Why Milk Might Still Help With Sleep
The more interesting story isn’t the melatonin already in milk. It’s what milk gives your body to make its own. Milk proteins, both casein and whey, are rich in tryptophan, an amino acid your brain converts first into serotonin and then into melatonin. This conversion pathway is the biological link between dairy and sleep, and it has real plausibility: population studies have found that higher milk intake is associated with lower odds of difficulty falling asleep.
Milk also supplies zinc and magnesium, two minerals that act as cofactors in the enzymes that convert tryptophan into melatonin. So in theory, milk delivers both the raw material and the tools your body needs to build its own sleep hormone. That said, a normal glass of milk doesn’t contain enough tryptophan to produce a dramatic spike in melatonin. Your body’s own circadian signals and light exposure have far more influence over how much melatonin you produce at night.

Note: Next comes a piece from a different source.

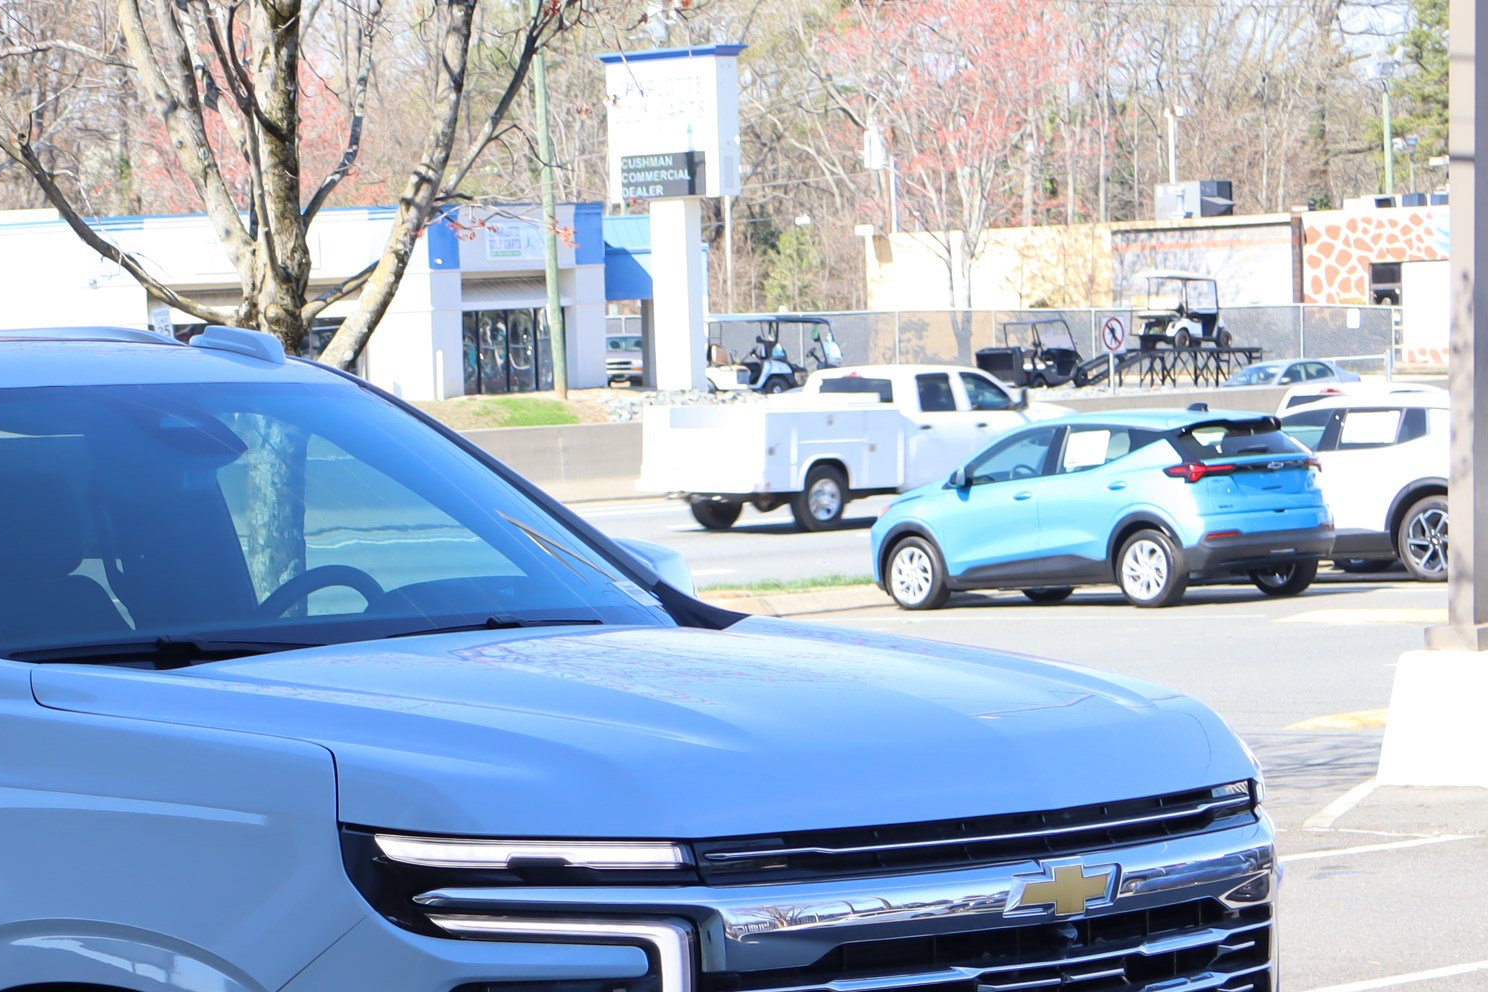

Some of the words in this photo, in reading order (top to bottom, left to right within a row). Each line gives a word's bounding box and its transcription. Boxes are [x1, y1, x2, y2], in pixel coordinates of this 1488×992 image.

[622, 155, 673, 169] CUSHMAN
[622, 168, 691, 183] COMMERCIAL
[622, 185, 664, 198] DEALER
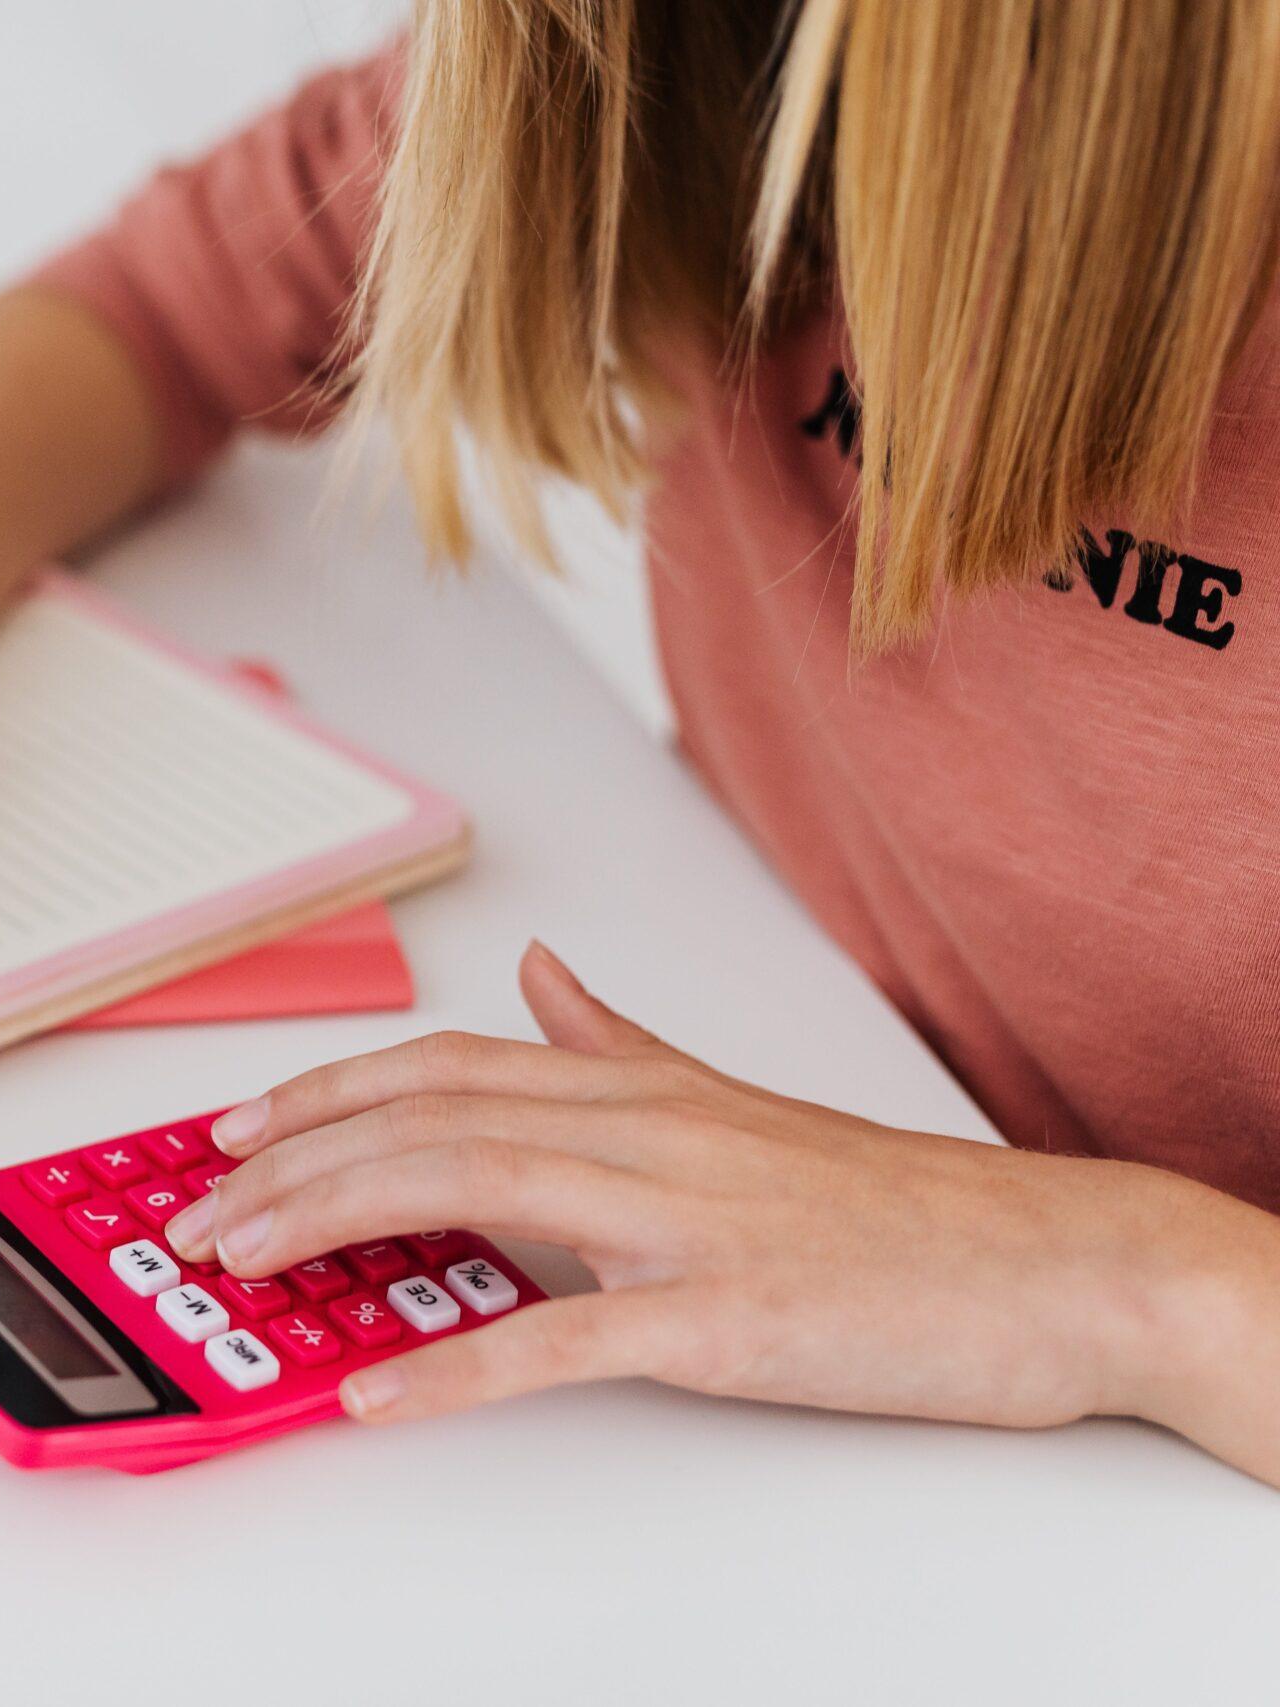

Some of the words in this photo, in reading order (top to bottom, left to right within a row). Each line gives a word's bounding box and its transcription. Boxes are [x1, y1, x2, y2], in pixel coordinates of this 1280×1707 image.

One small trial tested a high-tryptophan whey protein shake (with tryptophan levels well above what regular milk provides) and found it elevated tryptophan availability in the bloodstream in both good and poor sleepers. But that used concentrated protein at levels you wouldn’t get from a glass of milk at bedtime.
The Warm Milk Tradition
The folk remedy of drinking warm milk before bed is almost certainly not working through melatonin. UAMS Health notes there is no evidence that milk directly makes you sleepy. The drowsiness people report likely comes from the warmth itself, the feeling of a full stomach, or the psychological comfort of a bedtime ritual. There simply isn’t enough tryptophan or melatonin in a normal serving to produce a pharmacological effect.
That doesn’t mean the habit is useless. Consistent bedtime routines genuinely help with sleep, and if warm milk is part of yours, the relaxation effect is real even if the chemistry isn’t doing the heavy lifting. The ritual signals your brain that it’s time to wind down, which can be more powerful than any trace compound.
Does Pasteurization Destroy It
Heat processing does reduce melatonin, though not completely. A study on breast milk pasteurization (using the Holder method at 62°C for 30 minutes) found that melatonin levels dropped by about 24%, from an average of 52 pg/mL to 40 pg/mL. Commercial cow’s milk undergoes similar or more intense heat treatment, so some degradation is expected. Given that the starting levels in cow’s milk are already tiny, pasteurization makes an already negligible amount even smaller.
Breed and Lactation Stage
Not all cows produce the same amount of melatonin in their milk. Holstein cows showed a nighttime level of about 11 pg/mL compared to roughly 7 pg/mL in Jersey cows, while daytime levels were nearly identical (around 3 pg/mL for both breeds). Lactation stage also plays a role: Ayrshire cows early in lactation during May showed a modest nighttime rise to 15 pg/mL, while cows later in lactation studied in February reached 26 pg/mL at night, matching their blood serum levels. The combination of winter darkness and later lactation appears to maximize melatonin transfer from blood into milk.
None of these variations change the practical conclusion. Whether your milk comes from a Holstein in summer or a Jersey in winter, the melatonin content remains in the picogram range, orders of magnitude below what would register as a physiological dose for a human adult.